▸ **Problem**: Give back the entries verbatim.

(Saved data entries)
--- --- ---

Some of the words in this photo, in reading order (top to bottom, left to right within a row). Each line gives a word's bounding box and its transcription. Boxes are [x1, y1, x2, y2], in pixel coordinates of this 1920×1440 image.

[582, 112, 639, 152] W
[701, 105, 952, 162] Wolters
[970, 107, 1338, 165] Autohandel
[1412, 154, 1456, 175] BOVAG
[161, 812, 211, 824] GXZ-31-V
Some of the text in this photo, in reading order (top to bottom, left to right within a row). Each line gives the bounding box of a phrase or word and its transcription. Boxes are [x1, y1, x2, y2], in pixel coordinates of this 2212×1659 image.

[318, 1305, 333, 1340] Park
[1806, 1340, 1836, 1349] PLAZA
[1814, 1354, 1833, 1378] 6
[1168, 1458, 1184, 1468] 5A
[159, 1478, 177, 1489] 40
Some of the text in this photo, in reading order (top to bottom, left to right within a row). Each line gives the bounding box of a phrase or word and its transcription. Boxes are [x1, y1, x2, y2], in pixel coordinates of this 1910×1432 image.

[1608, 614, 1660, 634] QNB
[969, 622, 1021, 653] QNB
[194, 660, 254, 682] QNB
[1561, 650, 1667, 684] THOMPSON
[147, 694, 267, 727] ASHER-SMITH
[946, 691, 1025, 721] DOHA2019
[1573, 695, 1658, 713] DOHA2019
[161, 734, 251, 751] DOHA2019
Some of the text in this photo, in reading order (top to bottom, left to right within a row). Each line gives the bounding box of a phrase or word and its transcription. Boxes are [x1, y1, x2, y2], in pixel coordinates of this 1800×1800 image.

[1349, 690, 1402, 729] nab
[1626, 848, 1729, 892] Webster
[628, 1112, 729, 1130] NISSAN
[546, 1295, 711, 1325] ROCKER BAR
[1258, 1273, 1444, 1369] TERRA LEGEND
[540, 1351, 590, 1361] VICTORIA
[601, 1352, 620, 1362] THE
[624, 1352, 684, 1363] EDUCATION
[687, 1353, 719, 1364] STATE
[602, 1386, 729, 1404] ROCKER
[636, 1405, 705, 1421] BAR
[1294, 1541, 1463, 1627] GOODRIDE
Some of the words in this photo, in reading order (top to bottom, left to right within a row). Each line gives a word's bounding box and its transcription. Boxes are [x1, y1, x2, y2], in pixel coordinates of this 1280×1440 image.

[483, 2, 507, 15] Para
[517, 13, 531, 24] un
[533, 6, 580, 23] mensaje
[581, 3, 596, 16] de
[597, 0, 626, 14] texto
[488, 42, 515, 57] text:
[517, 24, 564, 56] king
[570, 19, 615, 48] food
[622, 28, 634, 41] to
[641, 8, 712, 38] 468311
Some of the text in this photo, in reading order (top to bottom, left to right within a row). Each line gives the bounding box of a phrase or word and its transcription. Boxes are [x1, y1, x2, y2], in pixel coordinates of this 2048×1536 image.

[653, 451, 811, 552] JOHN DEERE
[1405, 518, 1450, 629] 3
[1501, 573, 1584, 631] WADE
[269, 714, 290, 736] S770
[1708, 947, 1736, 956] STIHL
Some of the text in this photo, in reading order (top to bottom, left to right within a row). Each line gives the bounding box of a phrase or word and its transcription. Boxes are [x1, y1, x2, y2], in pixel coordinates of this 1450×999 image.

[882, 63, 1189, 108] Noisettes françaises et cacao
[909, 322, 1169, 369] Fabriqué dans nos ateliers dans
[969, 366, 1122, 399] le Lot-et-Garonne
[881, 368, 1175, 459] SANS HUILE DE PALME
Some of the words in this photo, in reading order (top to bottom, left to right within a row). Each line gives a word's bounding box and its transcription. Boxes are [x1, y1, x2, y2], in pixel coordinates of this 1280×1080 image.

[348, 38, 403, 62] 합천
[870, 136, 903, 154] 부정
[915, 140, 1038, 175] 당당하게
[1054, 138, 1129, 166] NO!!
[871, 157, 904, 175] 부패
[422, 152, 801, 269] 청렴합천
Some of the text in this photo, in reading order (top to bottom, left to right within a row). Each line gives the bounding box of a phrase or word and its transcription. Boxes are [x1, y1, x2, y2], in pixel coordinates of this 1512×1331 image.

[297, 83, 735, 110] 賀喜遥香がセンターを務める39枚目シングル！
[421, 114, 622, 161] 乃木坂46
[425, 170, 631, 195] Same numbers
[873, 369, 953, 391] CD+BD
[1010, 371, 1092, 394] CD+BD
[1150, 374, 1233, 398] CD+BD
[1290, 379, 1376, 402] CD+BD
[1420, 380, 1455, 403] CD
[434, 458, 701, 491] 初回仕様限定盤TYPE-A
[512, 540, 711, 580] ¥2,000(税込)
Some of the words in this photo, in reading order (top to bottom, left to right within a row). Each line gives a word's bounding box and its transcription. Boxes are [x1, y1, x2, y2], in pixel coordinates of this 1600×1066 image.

--- --- ---

▸ **Answer space**:
Some of the words in this photo, in reading order (top to bottom, left to right within a row). Each line gives a word's bounding box and its transcription. Boxes are [x1, y1, x2, y2], in pixel coordinates of this 1920×1440 image.

[582, 112, 639, 152] W
[701, 105, 952, 162] Wolters
[970, 107, 1338, 165] Autohandel
[1412, 154, 1456, 175] BOVAG
[161, 812, 211, 824] GXZ-31-V
Some of the text in this photo, in reading order (top to bottom, left to right within a row). Each line gives the bounding box of a phrase or word and its transcription. Boxes are [x1, y1, x2, y2], in pixel coordinates of this 2212×1659 image.

[318, 1305, 333, 1340] Park
[1806, 1340, 1836, 1349] PLAZA
[1814, 1354, 1833, 1378] 6
[1168, 1458, 1184, 1468] 5A
[159, 1478, 177, 1489] 40
Some of the text in this photo, in reading order (top to bottom, left to right within a row). Each line gives the bounding box of a phrase or word and its transcription. Boxes are [x1, y1, x2, y2], in pixel coordinates of this 1910×1432 image.

[1608, 614, 1660, 634] QNB
[969, 622, 1021, 653] QNB
[194, 660, 254, 682] QNB
[1561, 650, 1667, 684] THOMPSON
[147, 694, 267, 727] ASHER-SMITH
[946, 691, 1025, 721] DOHA2019
[1573, 695, 1658, 713] DOHA2019
[161, 734, 251, 751] DOHA2019
Some of the text in this photo, in reading order (top to bottom, left to right within a row). Each line gives the bounding box of a phrase or word and its transcription. Boxes are [x1, y1, x2, y2], in pixel coordinates of this 1800×1800 image.

[1349, 690, 1402, 729] nab
[1626, 848, 1729, 892] Webster
[628, 1112, 729, 1130] NISSAN
[546, 1295, 711, 1325] ROCKER BAR
[1258, 1273, 1444, 1369] TERRA LEGEND
[540, 1351, 590, 1361] VICTORIA
[601, 1352, 620, 1362] THE
[624, 1352, 684, 1363] EDUCATION
[687, 1353, 719, 1364] STATE
[602, 1386, 729, 1404] ROCKER
[636, 1405, 705, 1421] BAR
[1294, 1541, 1463, 1627] GOODRIDE
Some of the words in this photo, in reading order (top to bottom, left to right within a row). Each line gives a word's bounding box and its transcription. Boxes are [x1, y1, x2, y2], in pixel coordinates of this 1280×1440 image.

[483, 2, 507, 15] Para
[517, 13, 531, 24] un
[533, 6, 580, 23] mensaje
[581, 3, 596, 16] de
[597, 0, 626, 14] texto
[488, 42, 515, 57] text:
[517, 24, 564, 56] king
[570, 19, 615, 48] food
[622, 28, 634, 41] to
[641, 8, 712, 38] 468311
Some of the text in this photo, in reading order (top to bottom, left to right within a row). Each line gives the bounding box of a phrase or word and its transcription. Boxes are [x1, y1, x2, y2], in pixel coordinates of this 2048×1536 image.

[653, 451, 811, 552] JOHN DEERE
[1405, 518, 1450, 629] 3
[1501, 573, 1584, 631] WADE
[269, 714, 290, 736] S770
[1708, 947, 1736, 956] STIHL
Some of the text in this photo, in reading order (top to bottom, left to right within a row). Each line gives the bounding box of a phrase or word and its transcription. Boxes are [x1, y1, x2, y2], in pixel coordinates of this 1450×999 image.

[882, 63, 1189, 108] Noisettes françaises et cacao
[909, 322, 1169, 369] Fabriqué dans nos ateliers dans
[969, 366, 1122, 399] le Lot-et-Garonne
[881, 368, 1175, 459] SANS HUILE DE PALME
Some of the words in this photo, in reading order (top to bottom, left to right within a row). Each line gives a word's bounding box and its transcription. Boxes are [x1, y1, x2, y2], in pixel coordinates of this 1280×1080 image.

[348, 38, 403, 62] 합천
[870, 136, 903, 154] 부정
[915, 140, 1038, 175] 당당하게
[1054, 138, 1129, 166] NO!!
[871, 157, 904, 175] 부패
[422, 152, 801, 269] 청렴합천
Some of the text in this photo, in reading order (top to bottom, left to right within a row). Each line gives the bounding box of a phrase or word and its transcription. Boxes are [x1, y1, x2, y2], in pixel coordinates of this 1512×1331 image.

[297, 83, 735, 110] 賀喜遥香がセンターを務める39枚目シングル！
[421, 114, 622, 161] 乃木坂46
[425, 170, 631, 195] Same numbers
[873, 369, 953, 391] CD+BD
[1010, 371, 1092, 394] CD+BD
[1150, 374, 1233, 398] CD+BD
[1290, 379, 1376, 402] CD+BD
[1420, 380, 1455, 403] CD
[434, 458, 701, 491] 初回仕様限定盤TYPE-A
[512, 540, 711, 580] ¥2,000(税込)
Some of the words in this photo, in reading order (top to bottom, left to right within a row). Each line gives a word's bounding box and its transcription. Boxes are [x1, y1, x2, y2], in pixel coordinates of this 1600×1066 image.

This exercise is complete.